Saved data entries

------------------------------

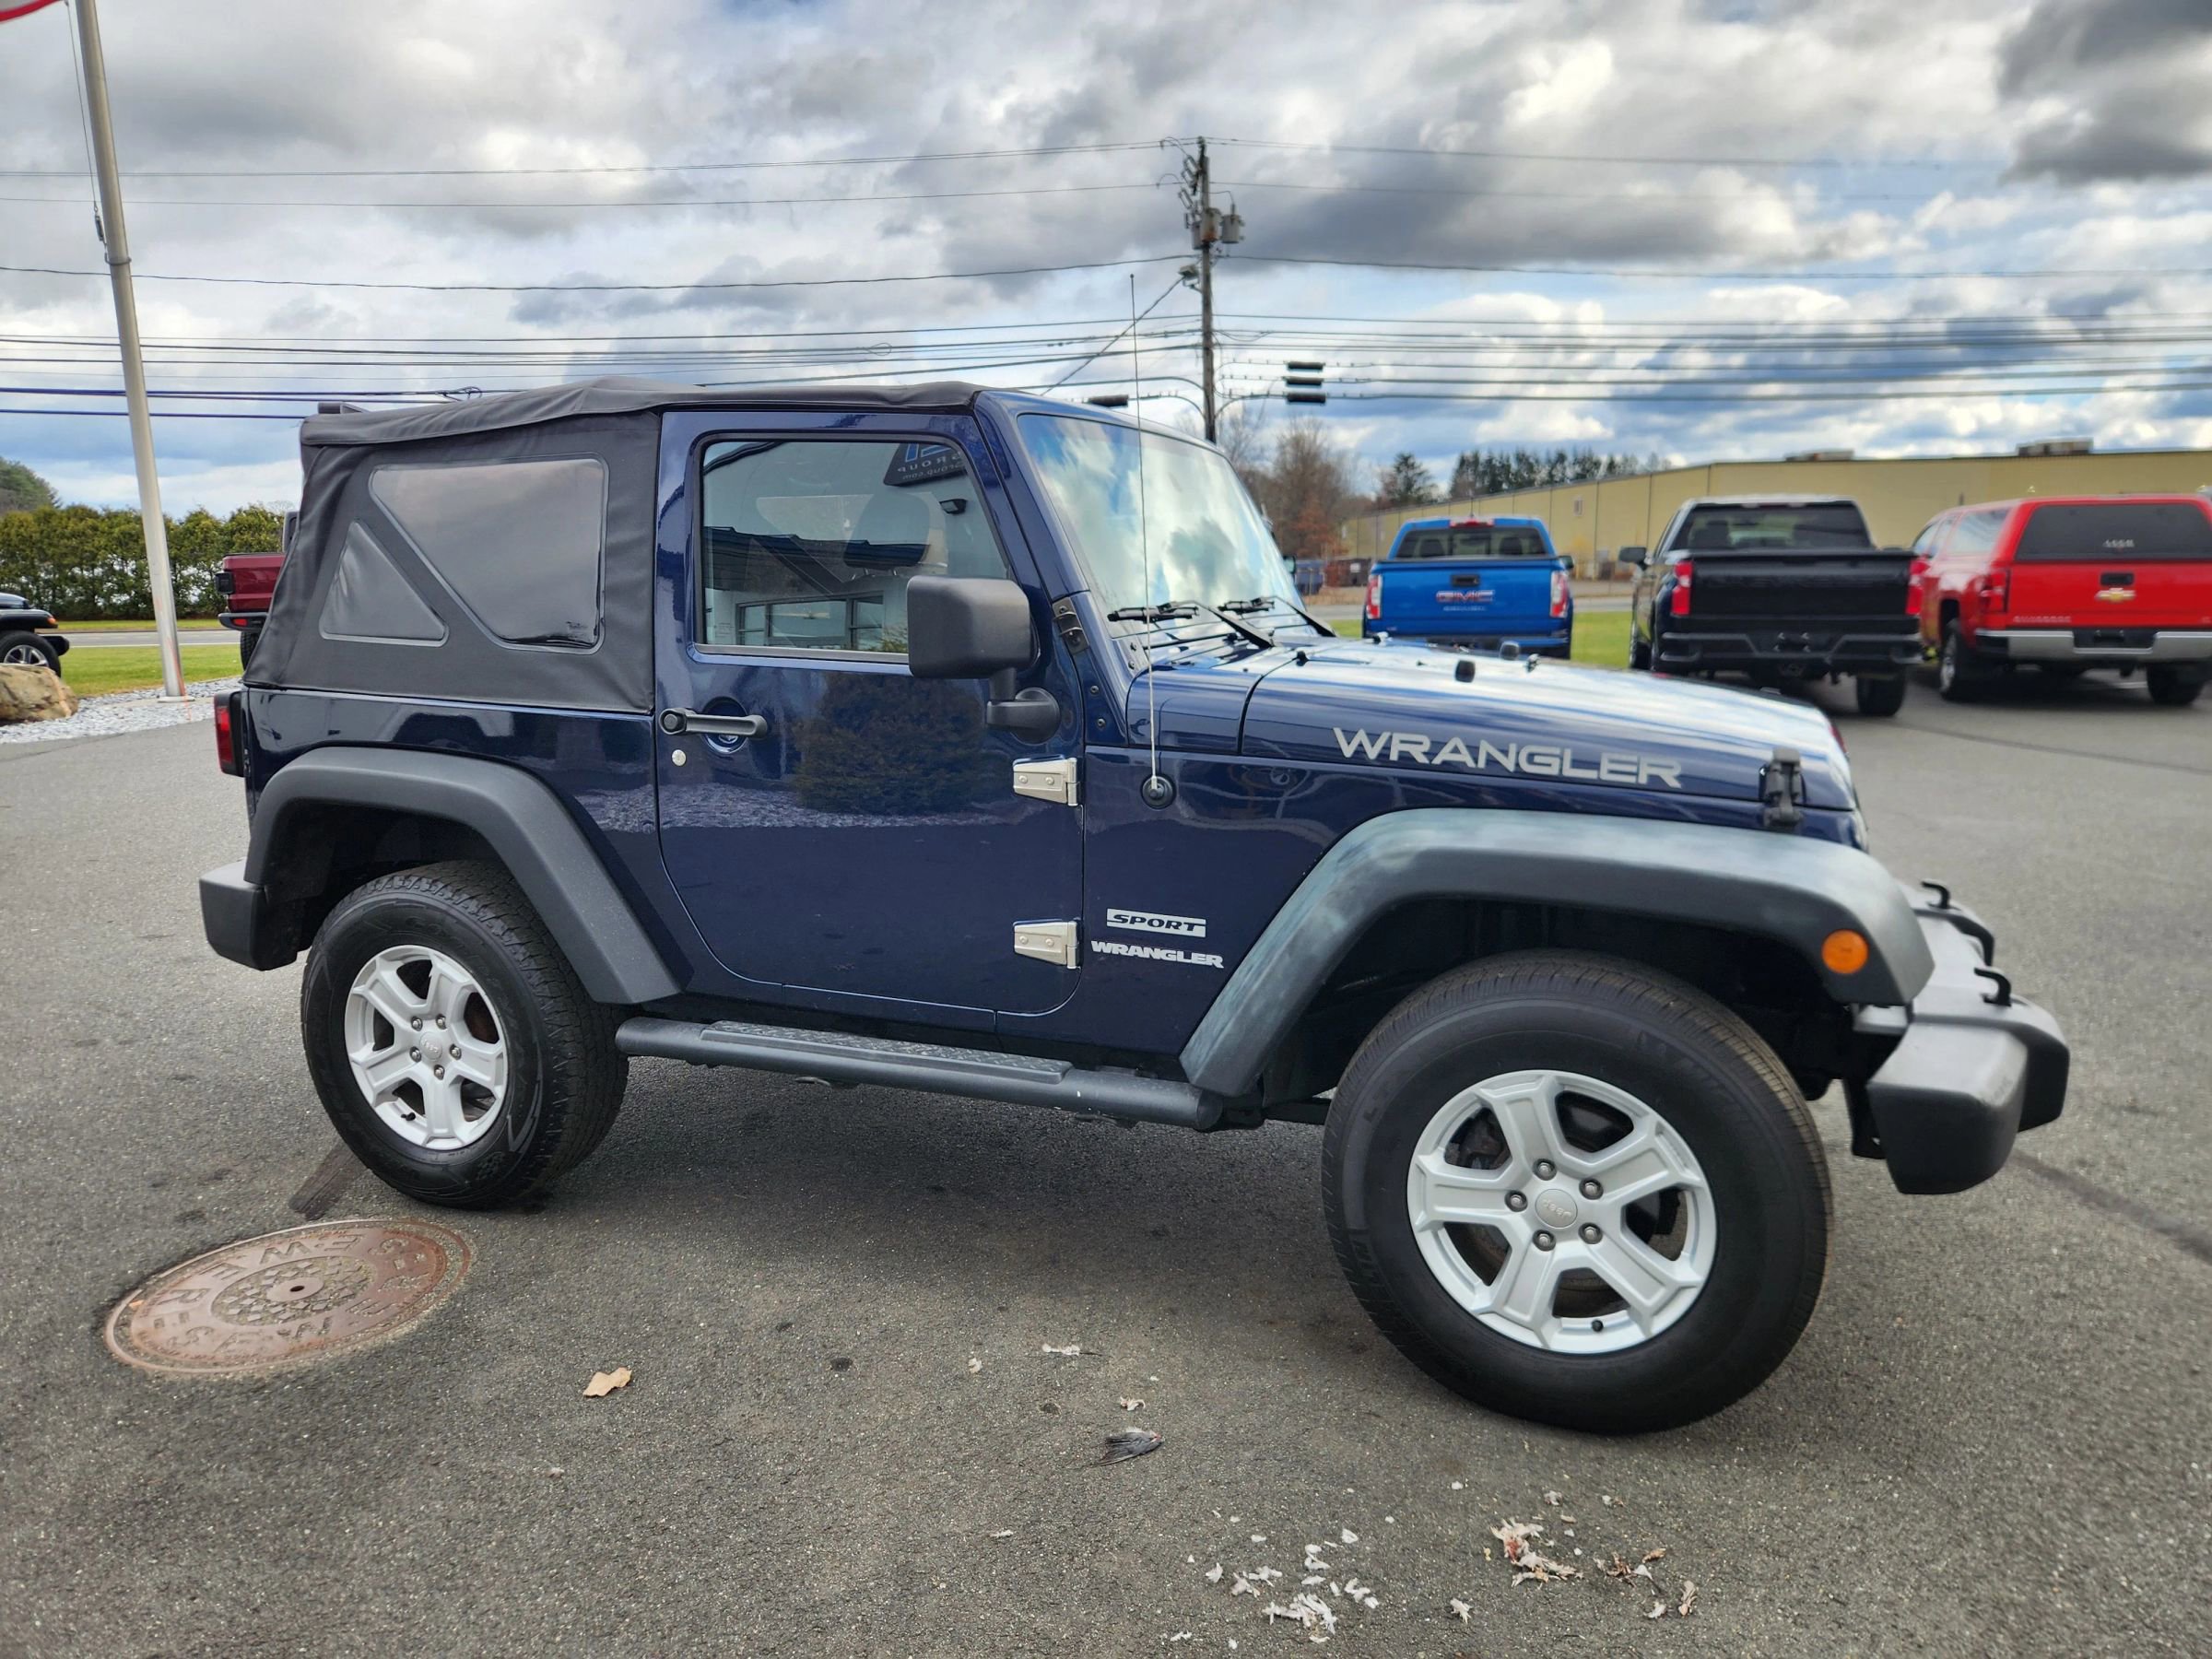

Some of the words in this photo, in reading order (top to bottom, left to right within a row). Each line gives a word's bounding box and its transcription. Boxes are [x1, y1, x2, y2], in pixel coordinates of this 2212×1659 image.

[1436, 590, 1495, 603] GMC
[1333, 727, 1683, 789] WRANGLER
[1112, 913, 1206, 933] SPORT
[1090, 940, 1224, 969] WRANGLER
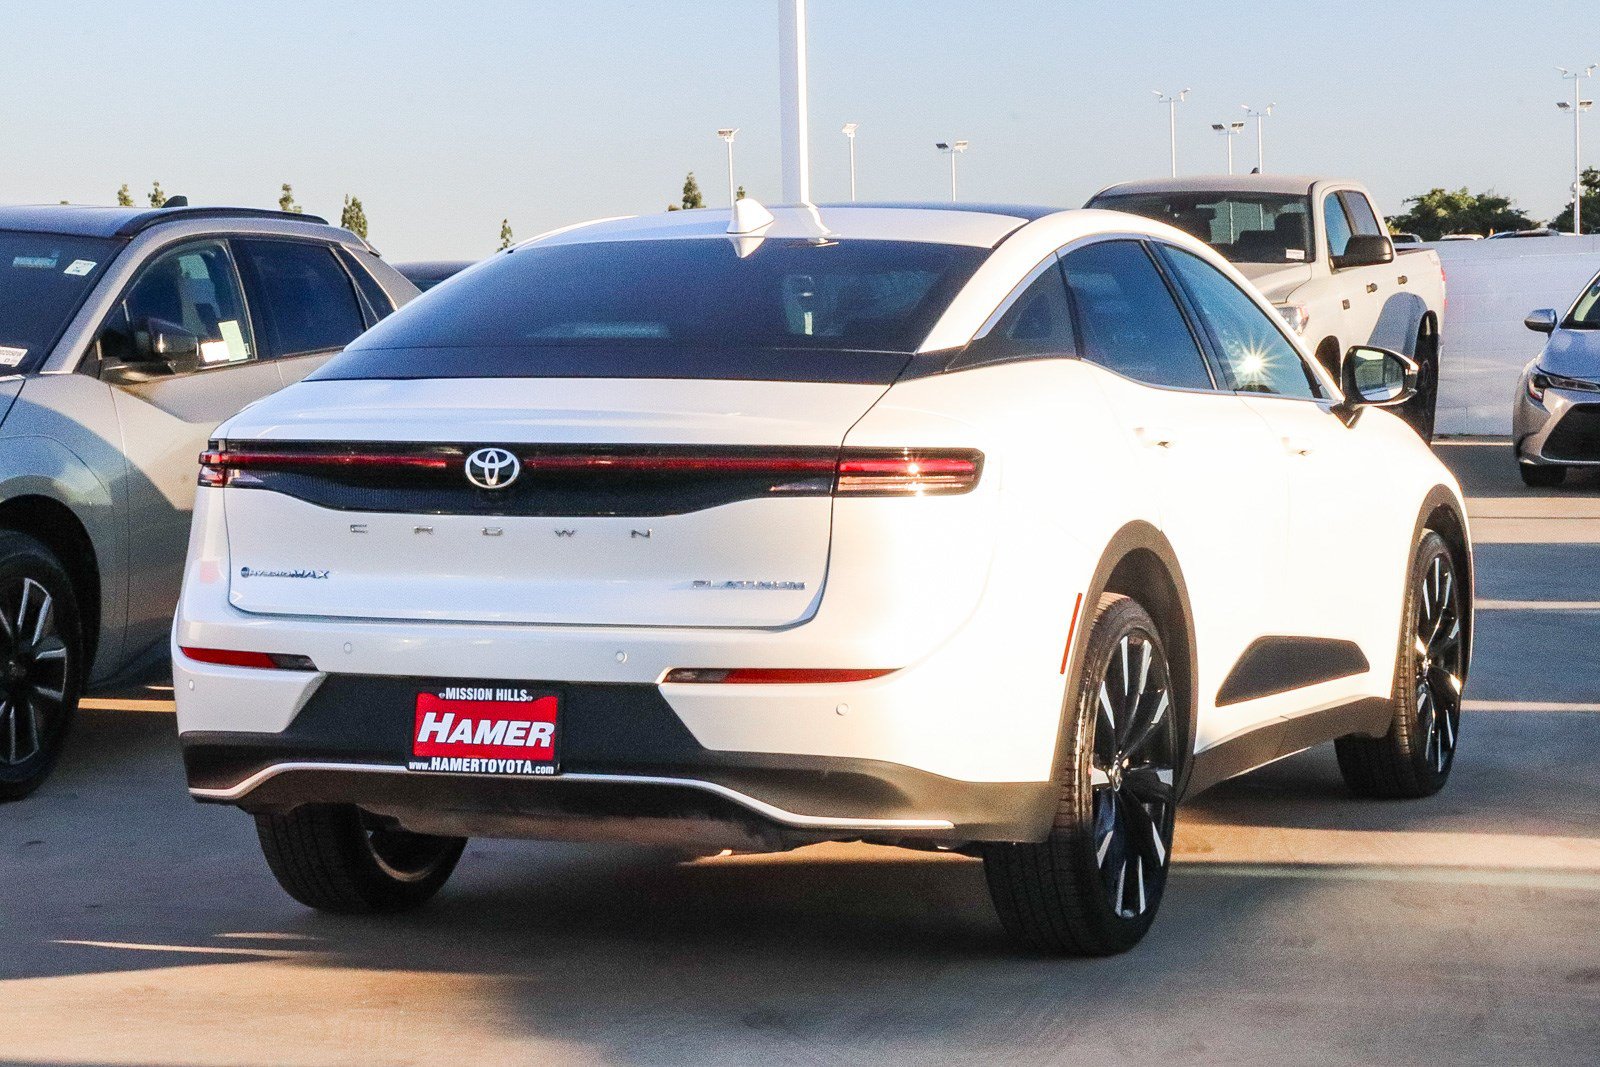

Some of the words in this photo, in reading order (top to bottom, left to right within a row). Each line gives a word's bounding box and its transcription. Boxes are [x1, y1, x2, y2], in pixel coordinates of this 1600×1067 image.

[349, 523, 652, 539] CROWN
[445, 687, 493, 701] MISSION
[496, 688, 528, 702] HILLS
[416, 711, 555, 748] HAMER
[408, 757, 555, 775] www.HAMERTOYOTA.com

------------------------------

WORK TASK
Set down, unchanged, the line that contains "this 1600×1067 image." together with every later line in the records, through the last one.

PROBLEM SOLUTION
Some of the words in this photo, in reading order (top to bottom, left to right within a row). Each line gives a word's bounding box and its transcription. Boxes are [x1, y1, x2, y2], in pixel coordinates of this 1600×1067 image.

[349, 523, 652, 539] CROWN
[445, 687, 493, 701] MISSION
[496, 688, 528, 702] HILLS
[416, 711, 555, 748] HAMER
[408, 757, 555, 775] www.HAMERTOYOTA.com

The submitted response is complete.